A Family with -D- Phenotype Associated with Fatal Hemolytic Disease of the Newborn.
- Author:
Kyou Sup HAN
;
Hee Chung KIM
;
Woo Sup SHIM
;
Mi Sook YOON
;
Kye Won JOO
;
Kwang Soo HAHN
;
Bok Yeun HAN
- Publication Type:Original Article
- MeSH:
Antibodies;
Female;
Fetal Death;
Haplotypes;
Homozygote;
Humans;
Hydrops Fetalis;
Incidence;
Infant, Newborn*;
Korea;
Phenotype*;
Pregnancy;
Siblings
- From:Korean Journal of Blood Transfusion
1995;6(2):201-206
- CountryRepublic of Korea
- Language:Korean
-
Abstract:
-D- is a very rare haplotype which determines D without C, c, E or e and exalted D activity.
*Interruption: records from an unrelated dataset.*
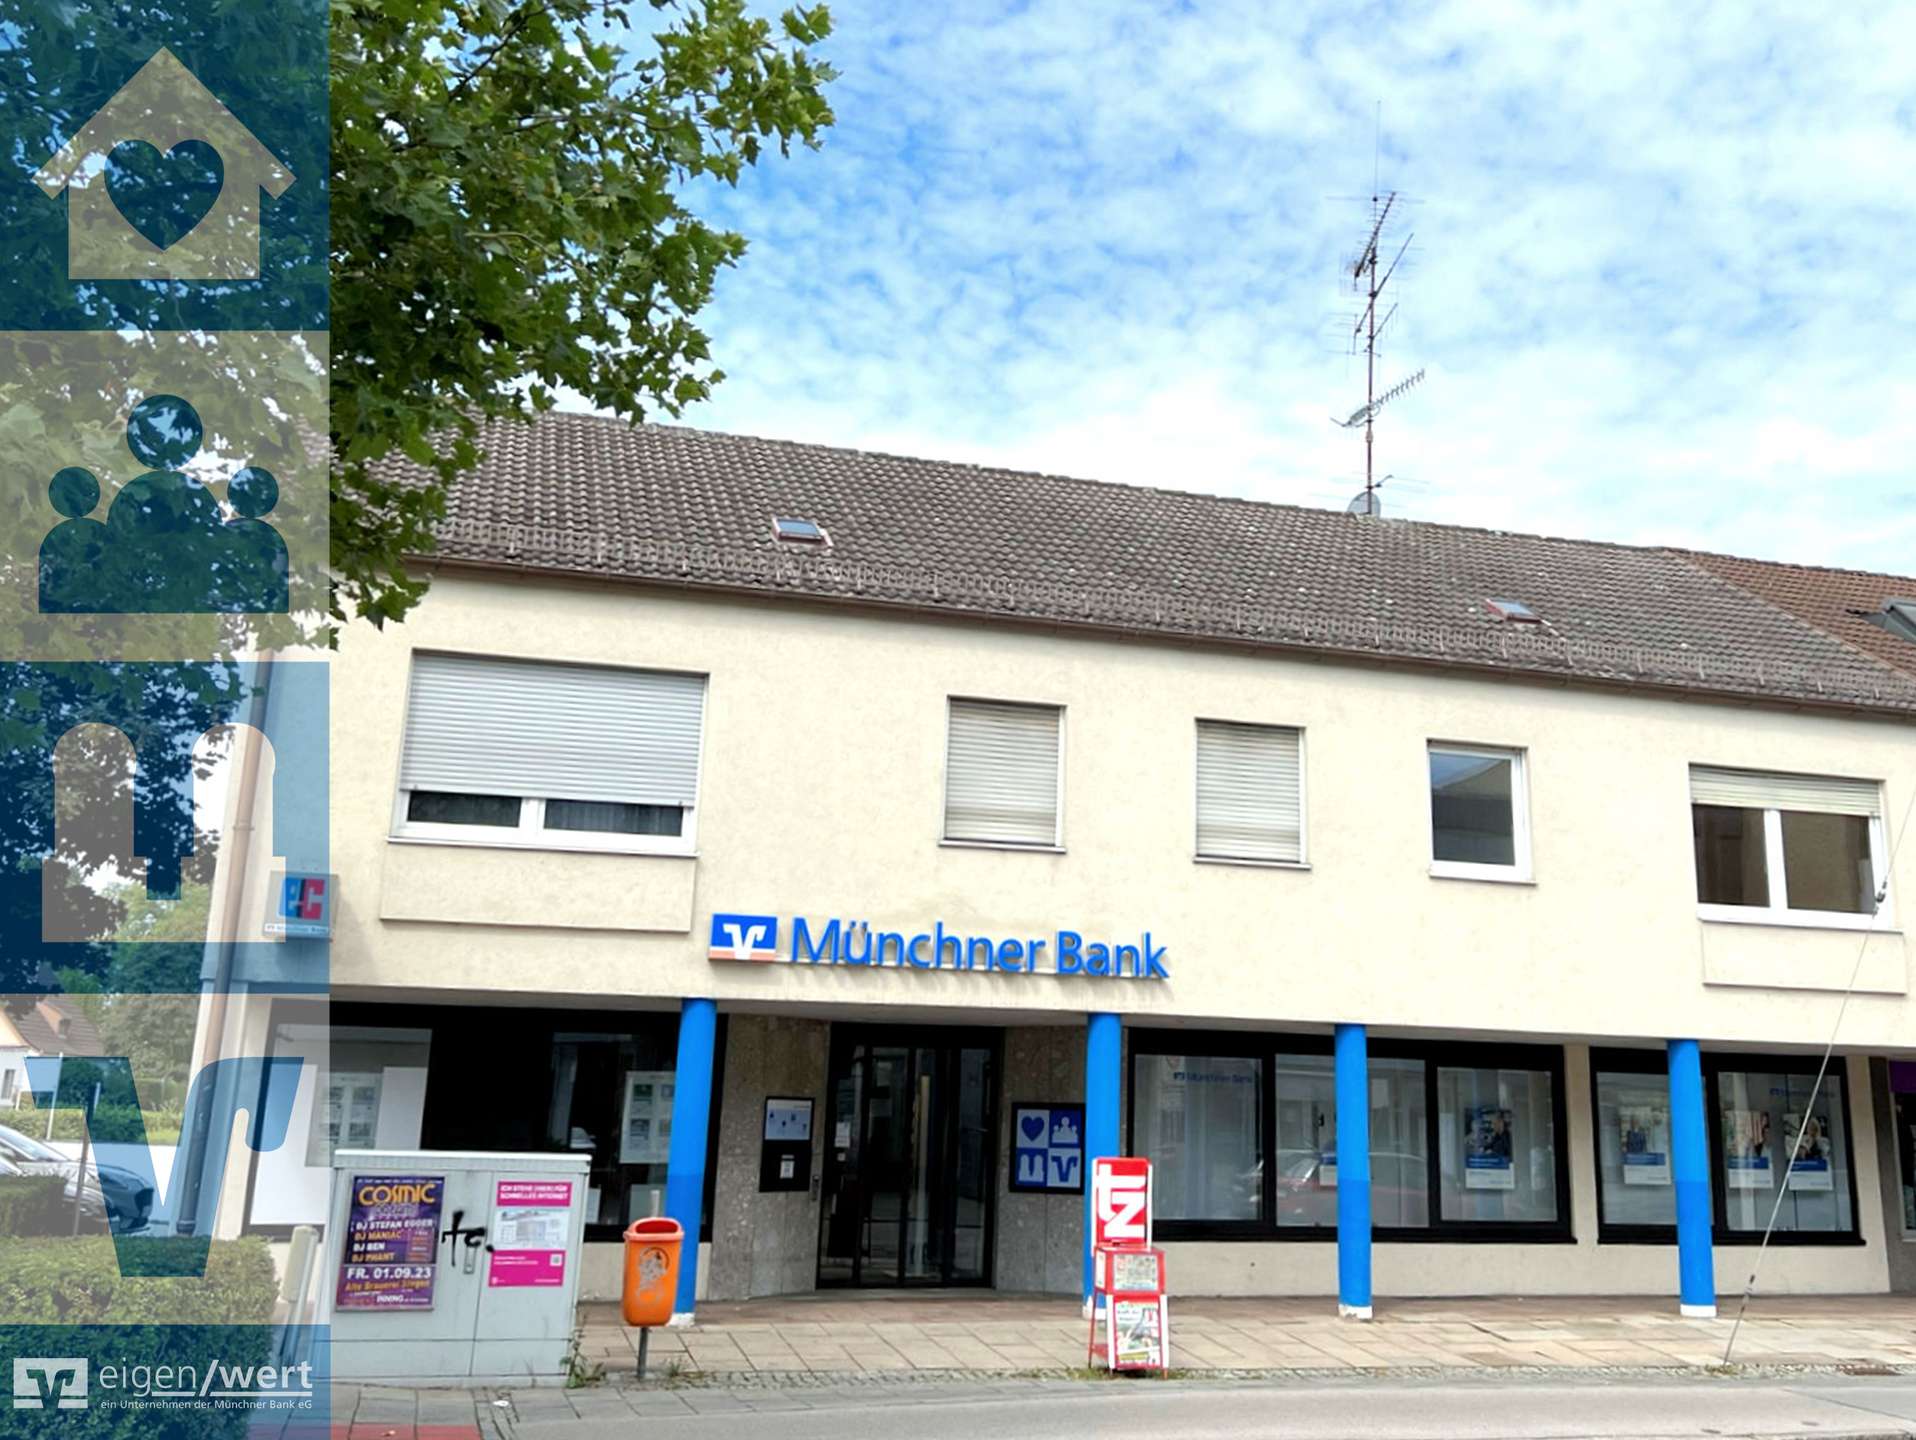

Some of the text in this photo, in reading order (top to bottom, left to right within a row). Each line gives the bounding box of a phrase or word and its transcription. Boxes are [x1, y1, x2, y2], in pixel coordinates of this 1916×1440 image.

[790, 917, 1169, 977] Münchner Bank
[359, 1184, 435, 1205] COSMIC
[1096, 1164, 1146, 1238] tz
[356, 1221, 368, 1230] DJ
[369, 1220, 402, 1229] STEFAN
[353, 1242, 365, 1251] DJ
[347, 1267, 432, 1280] FR. 01.09.23
The extremely rare homozygote propositi(-D-/-D-) are usually ascertained through their immune antibodies which react with red cells of all common Rh phenotypes. Authors experienced a woman with -D- phenotype for the first time in Korea. She had a history of abortion and intrauterine fetal death. She delivered a baby with severe hemolytic disease of the newborn at the third pregnancy. In spite of intensive medical interventions, the baby died of hydrops fetalis. An immune antibody to high incidence Rh antigen, namely anti-Hro, was demonstrated in the woman's serum. Family study revealed that all of the family had -D- gene complex and one of her sisters also was -D-homozygote. The sister also had anti-Hro in the serum.